Task statement —
Output each record below exactly, leaving any picture out of the copy.
◇ ◇ ◇ ◇ ◇
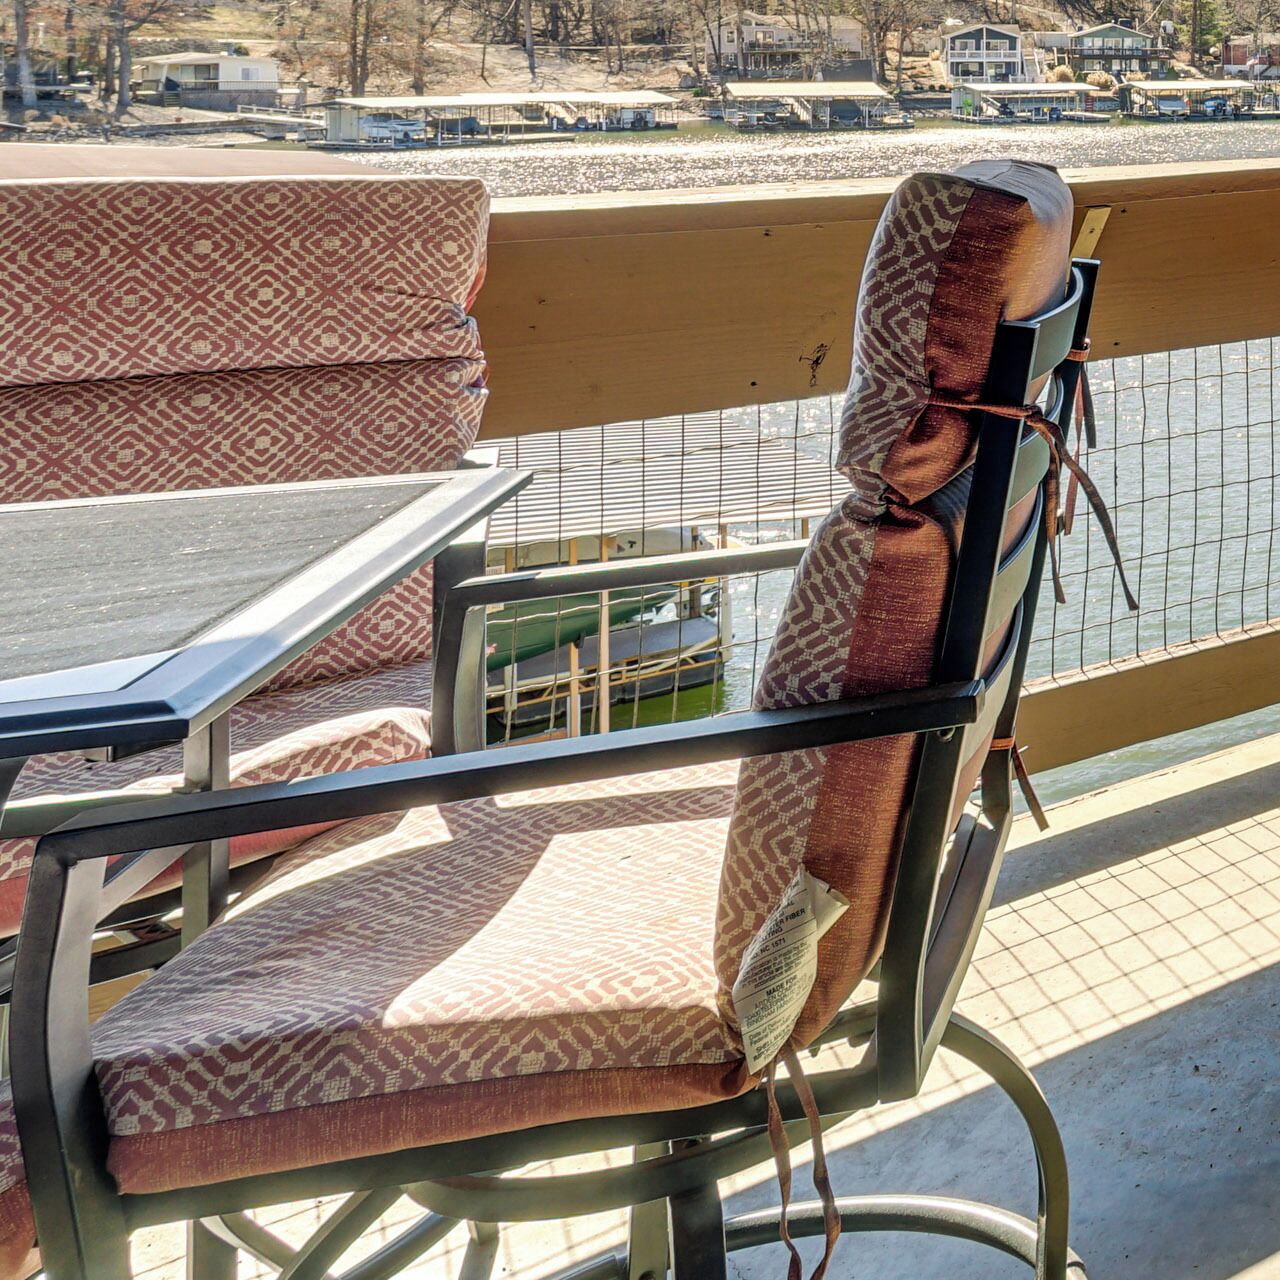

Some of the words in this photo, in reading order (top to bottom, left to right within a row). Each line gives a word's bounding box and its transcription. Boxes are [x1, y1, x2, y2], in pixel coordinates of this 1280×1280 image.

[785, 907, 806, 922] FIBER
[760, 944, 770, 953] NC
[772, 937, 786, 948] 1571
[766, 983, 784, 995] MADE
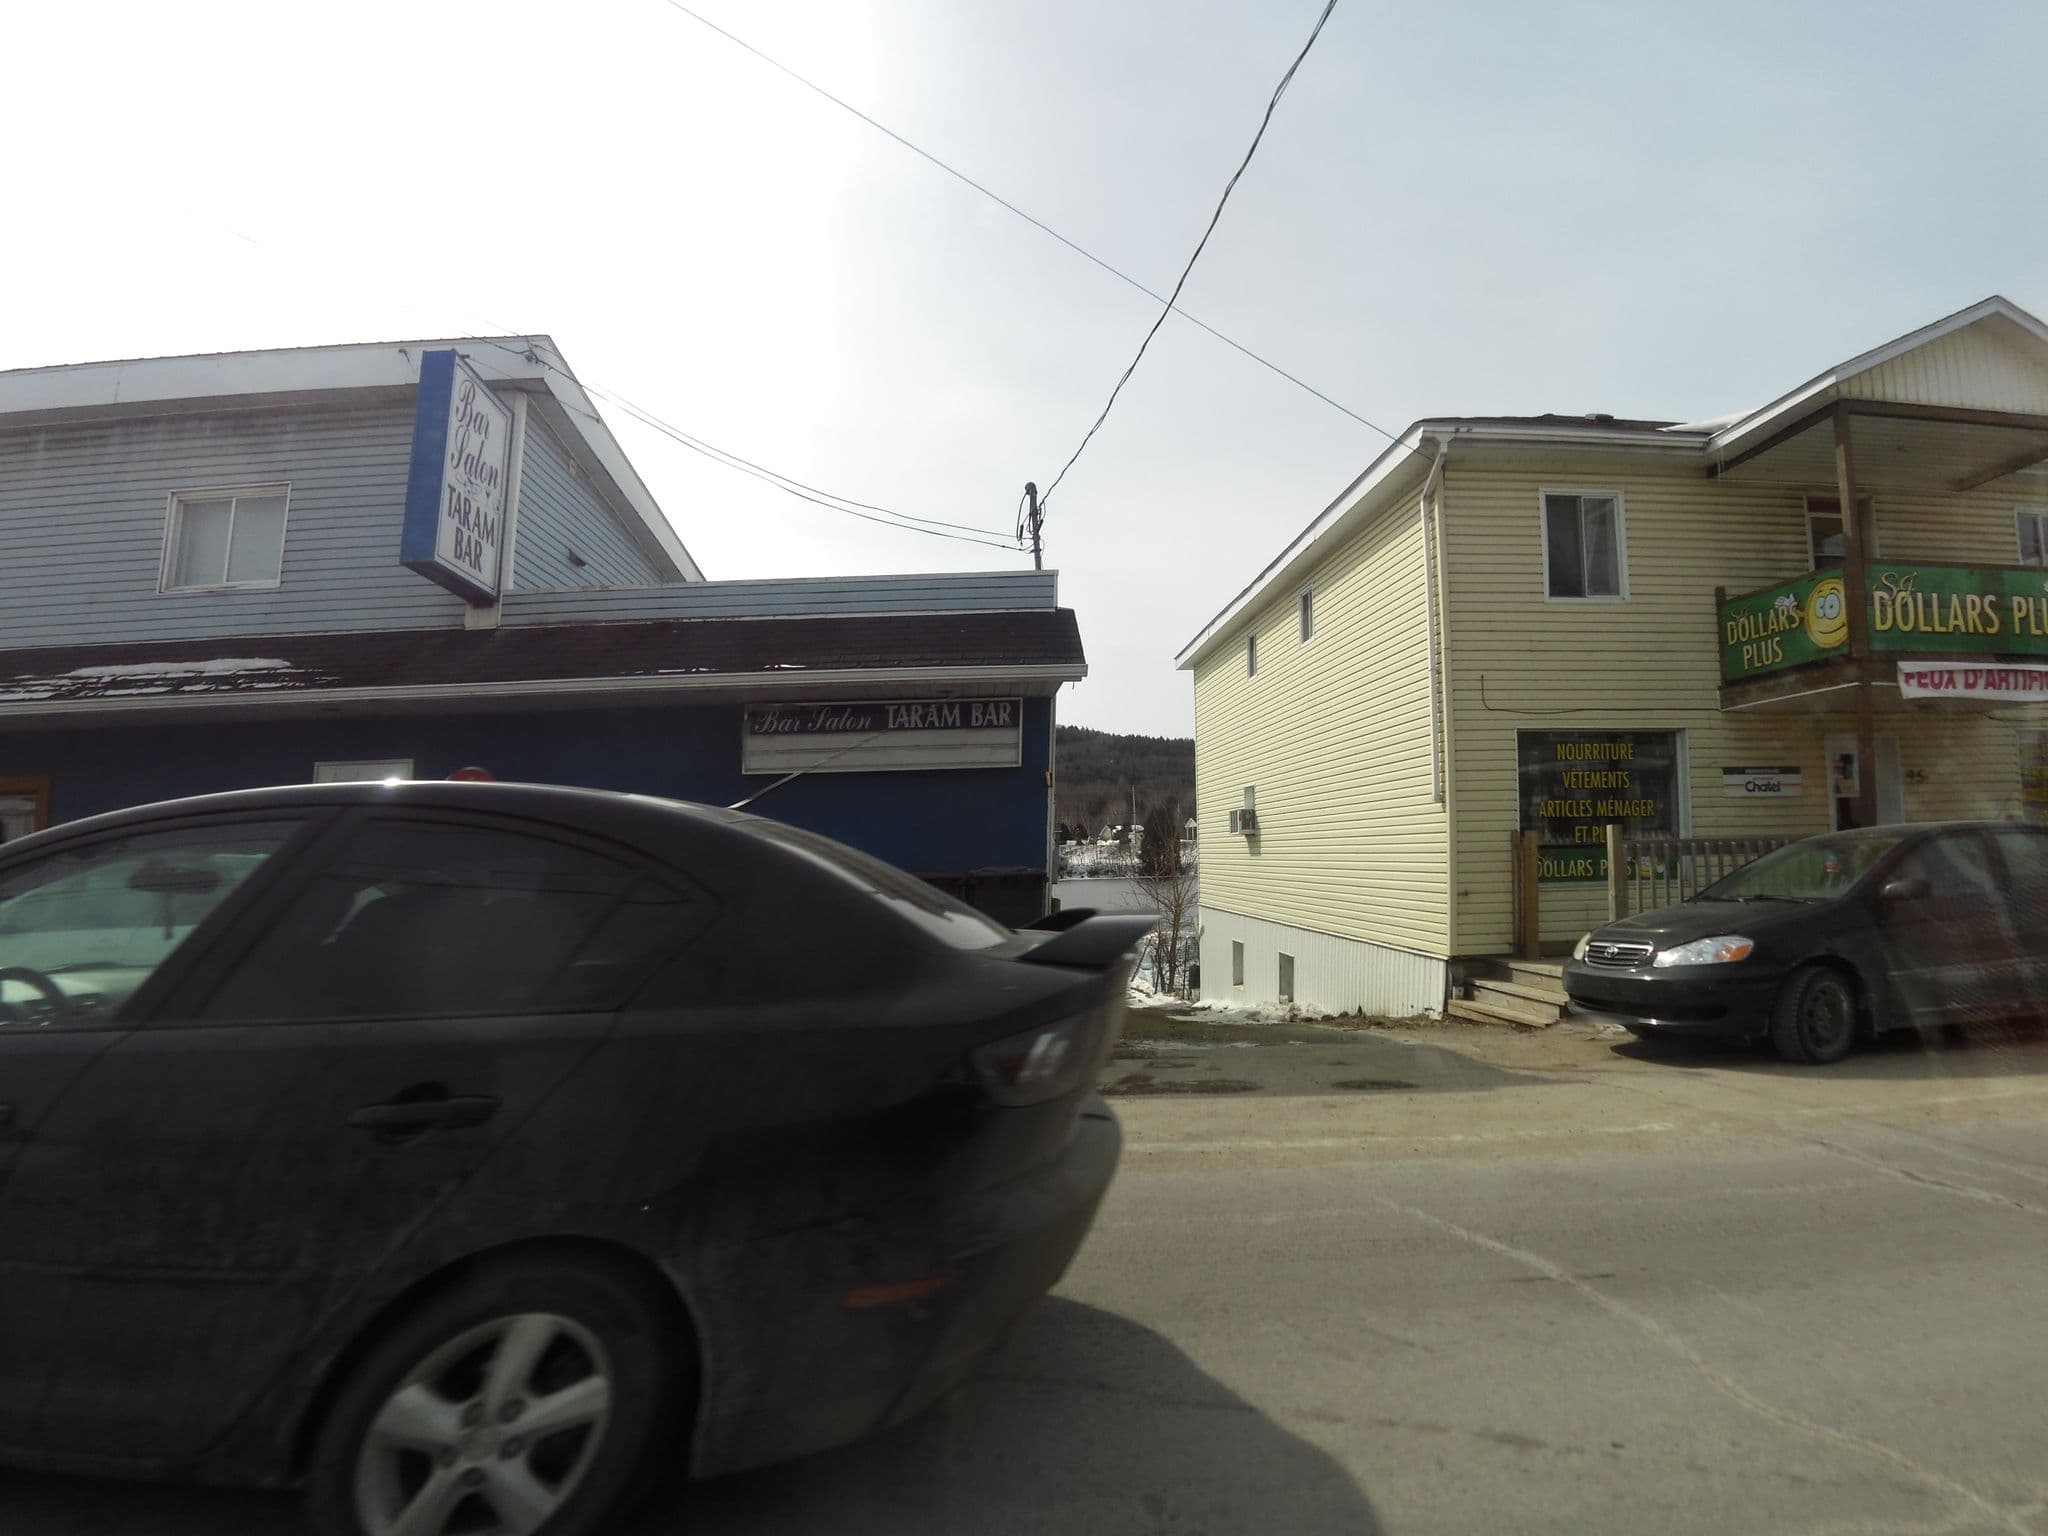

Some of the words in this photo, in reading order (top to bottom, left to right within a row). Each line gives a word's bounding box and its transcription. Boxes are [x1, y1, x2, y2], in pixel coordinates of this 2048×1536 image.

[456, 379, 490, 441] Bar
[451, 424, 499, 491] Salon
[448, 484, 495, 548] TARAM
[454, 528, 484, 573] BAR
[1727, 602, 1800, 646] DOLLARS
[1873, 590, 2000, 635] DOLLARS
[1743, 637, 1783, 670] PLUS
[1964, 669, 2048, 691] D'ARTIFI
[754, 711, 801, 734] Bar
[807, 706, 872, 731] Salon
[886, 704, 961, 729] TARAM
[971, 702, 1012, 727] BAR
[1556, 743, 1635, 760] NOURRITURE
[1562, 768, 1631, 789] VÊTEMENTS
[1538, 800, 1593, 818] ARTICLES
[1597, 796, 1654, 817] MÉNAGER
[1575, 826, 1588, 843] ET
◇ ◇ ◇ ◇ ◇
Task solution —
Some of the words in this photo, in reading order (top to bottom, left to right within a row). Each line gives a word's bounding box and its transcription. Boxes are [x1, y1, x2, y2], in pixel coordinates of this 1280×1280 image.

[785, 907, 806, 922] FIBER
[760, 944, 770, 953] NC
[772, 937, 786, 948] 1571
[766, 983, 784, 995] MADE

Some of the words in this photo, in reading order (top to bottom, left to right within a row). Each line gives a word's bounding box and its transcription. Boxes are [x1, y1, x2, y2], in pixel coordinates of this 2048×1536 image.

[456, 379, 490, 441] Bar
[451, 424, 499, 491] Salon
[448, 484, 495, 548] TARAM
[454, 528, 484, 573] BAR
[1727, 602, 1800, 646] DOLLARS
[1873, 590, 2000, 635] DOLLARS
[1743, 637, 1783, 670] PLUS
[1964, 669, 2048, 691] D'ARTIFI
[754, 711, 801, 734] Bar
[807, 706, 872, 731] Salon
[886, 704, 961, 729] TARAM
[971, 702, 1012, 727] BAR
[1556, 743, 1635, 760] NOURRITURE
[1562, 768, 1631, 789] VÊTEMENTS
[1538, 800, 1593, 818] ARTICLES
[1597, 796, 1654, 817] MÉNAGER
[1575, 826, 1588, 843] ET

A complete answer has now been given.